The Data Quality Imperative

by , Featured Contributor, October 13, 2016



Earlier this month, OMD’s Julie Fleischer and Neustar’s Steven Wolfe Pereira poked at data integrity issues during a Chicago conference, creating some timely swirl by highlighting a simple truth: We lack data integrity standards. Advertisers are becoming skeptical of claims about data. We owe them some accountability, but they owe themselves some diligence as well.  


The enemy: oversimplification

People glom on to the difference between  “deterministic” and “probabilistic” as some sort of magical line in the sand, but the false sense of comfort is dangerous. Yes, facts exist (deterministic data), but riddle me this: If my credit card shows I shop at Whole Foods, am I rich? Any inference made from deterministic data sends us right back down a statistical rat hole.
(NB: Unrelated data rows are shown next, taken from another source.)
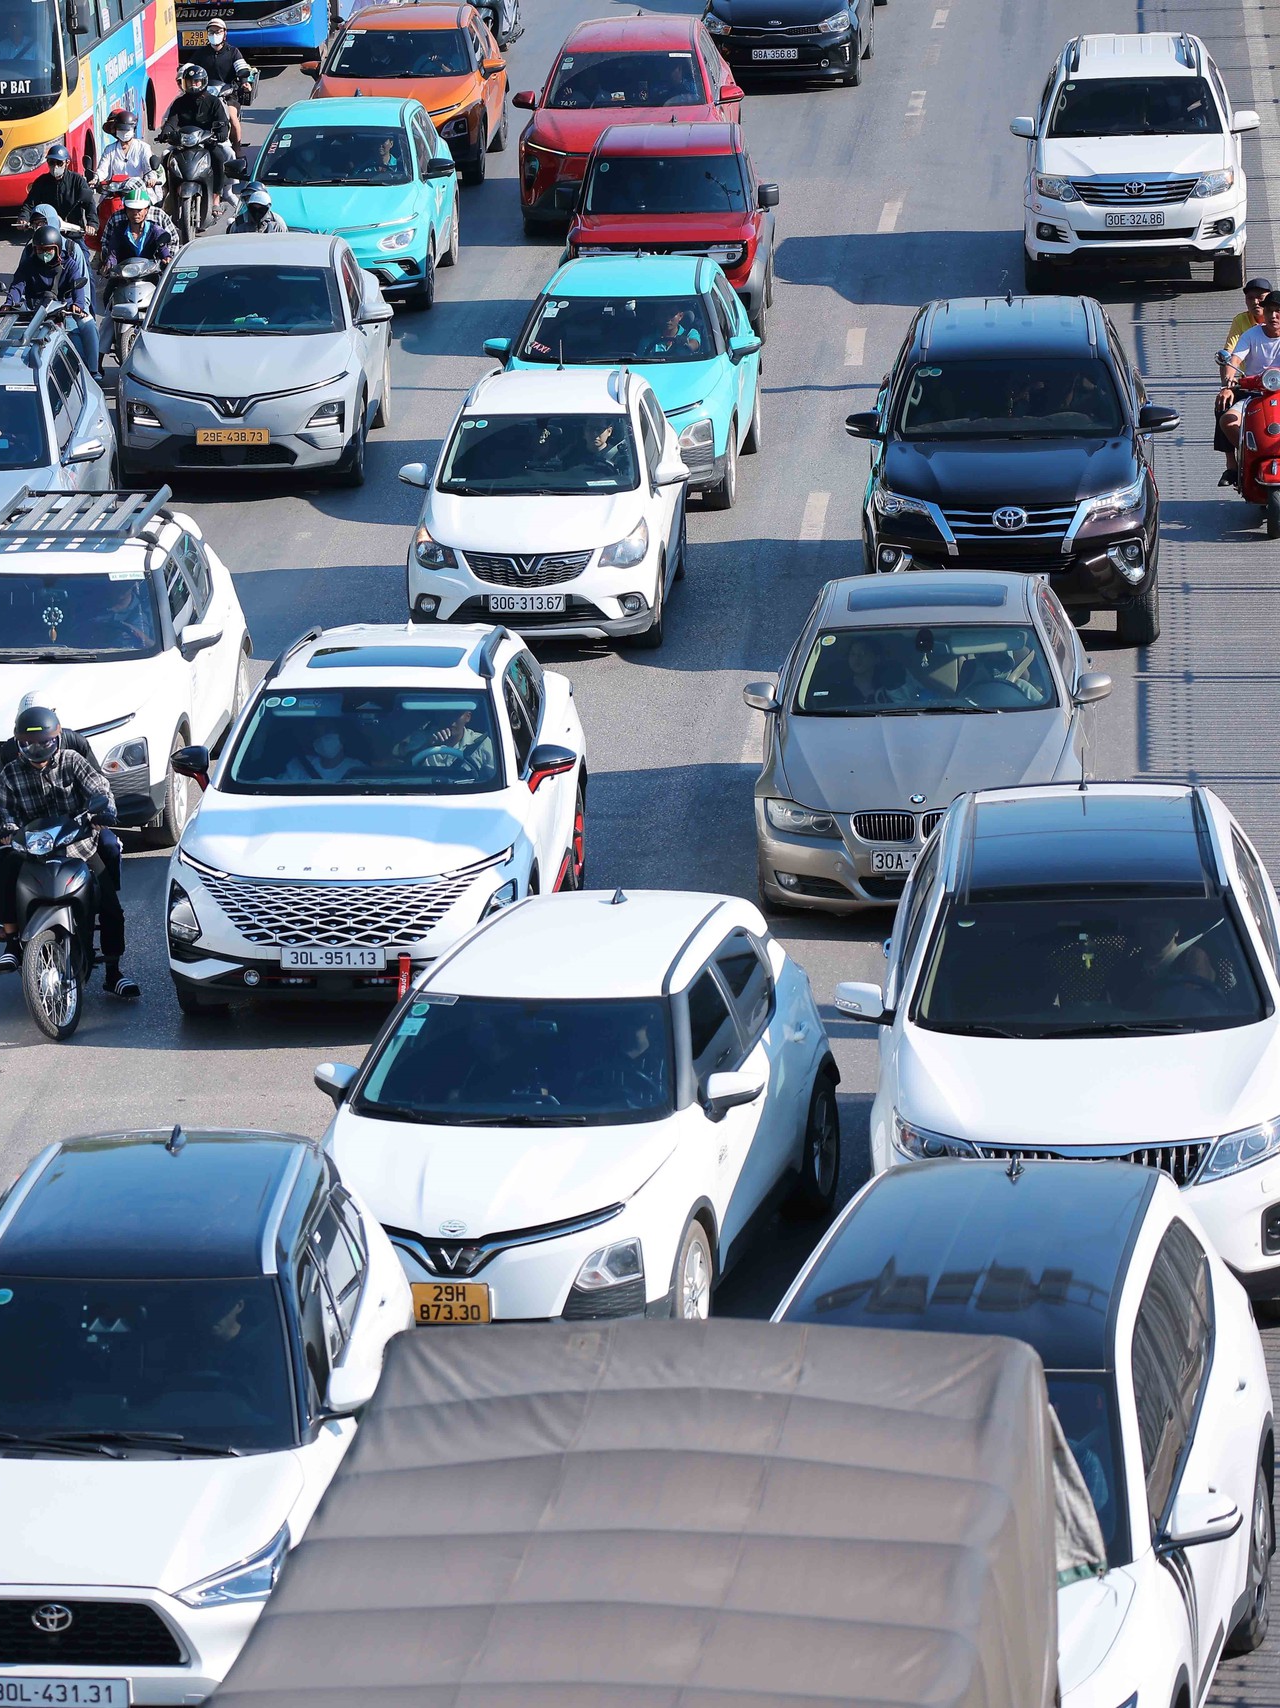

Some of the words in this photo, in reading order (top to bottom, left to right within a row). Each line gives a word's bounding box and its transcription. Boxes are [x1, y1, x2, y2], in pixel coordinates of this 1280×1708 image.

[1108, 214, 1163, 226] 30E-324.86
[531, 341, 551, 354] TAXI
[203, 432, 263, 442] 29E-438.73
[491, 596, 562, 611] 30G-313.67
[290, 952, 376, 965] 30L-951.13
[433, 1285, 466, 1302] 29H
[420, 1304, 480, 1321] 873.30
Another schism divides planning and activation. I might know for sure that certain cookies clicked on a hotel ad. Planners may decide they want to contact that group. For television, there is no choice but to reduce that audience to a demographic.  For online, the exact people can be activated. This is one scenario that taps the value of tight integration between a data-management platform (DMP) and a demand-side platform (DSP).


Grim reality

The CEO of a large agency recently said to me, “Everyone tells me their data is great. How would I know?”  Indeed, how would he? Even high-quality data can be ruined by inappropriate use. Online contact usually depends on data, and the quality of the audience (as data) is just as important as the quality of the context. Data quality might be half of effectiveness.


It’s time for advertisers to hold themselves and their suppliers accountable for the quality of data and the conclusions derived from it. The risk of not getting this right will be the commoditization of data (and ergo, consumers). That stands, in my opinion, high on the list of strategic risks for the online ad industry.
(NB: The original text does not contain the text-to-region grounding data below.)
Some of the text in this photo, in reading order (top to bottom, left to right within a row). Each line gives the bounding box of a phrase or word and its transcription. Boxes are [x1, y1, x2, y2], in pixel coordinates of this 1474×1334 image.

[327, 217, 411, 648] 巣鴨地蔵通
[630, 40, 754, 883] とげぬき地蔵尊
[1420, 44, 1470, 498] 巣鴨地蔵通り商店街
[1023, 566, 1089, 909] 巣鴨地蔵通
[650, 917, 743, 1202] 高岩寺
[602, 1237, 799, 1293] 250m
So, by inferred popular demand, I present here, a listicle of quality attributes for advertising data.


Recency


If you are buying, say, “beauty category buyers,” it’s pretty safe to say that they are still interested in beauty after six months. But, if you are buying six-month-old “Auto Intenders,” there might be a pretty good chance they no longer need a car.


Veracity of the inference


How is the purported meaning related to the data? For example, if I went to a page that mentions the word “skin,” am I interested in skin cream?


Observation vs. declaration


Some data is derived by observing what people did (for example, cookie, panel). Other data is derived from what people said. Third-party data sites, which collect observations (see: http://www.bluekai.com/registry/ ) are pretty good at nailing interests from Web site behaviors; demographics, not so much.


Conformance with actual intent


Say you bought a segment of people interested in adhesives (glue intenders!) for a $2.50 cpm, and lo and behold, its 100,000,000 browsers. To validate, ask some of them. What will they say? I like glue? I studied principles of adhesion in engineering school?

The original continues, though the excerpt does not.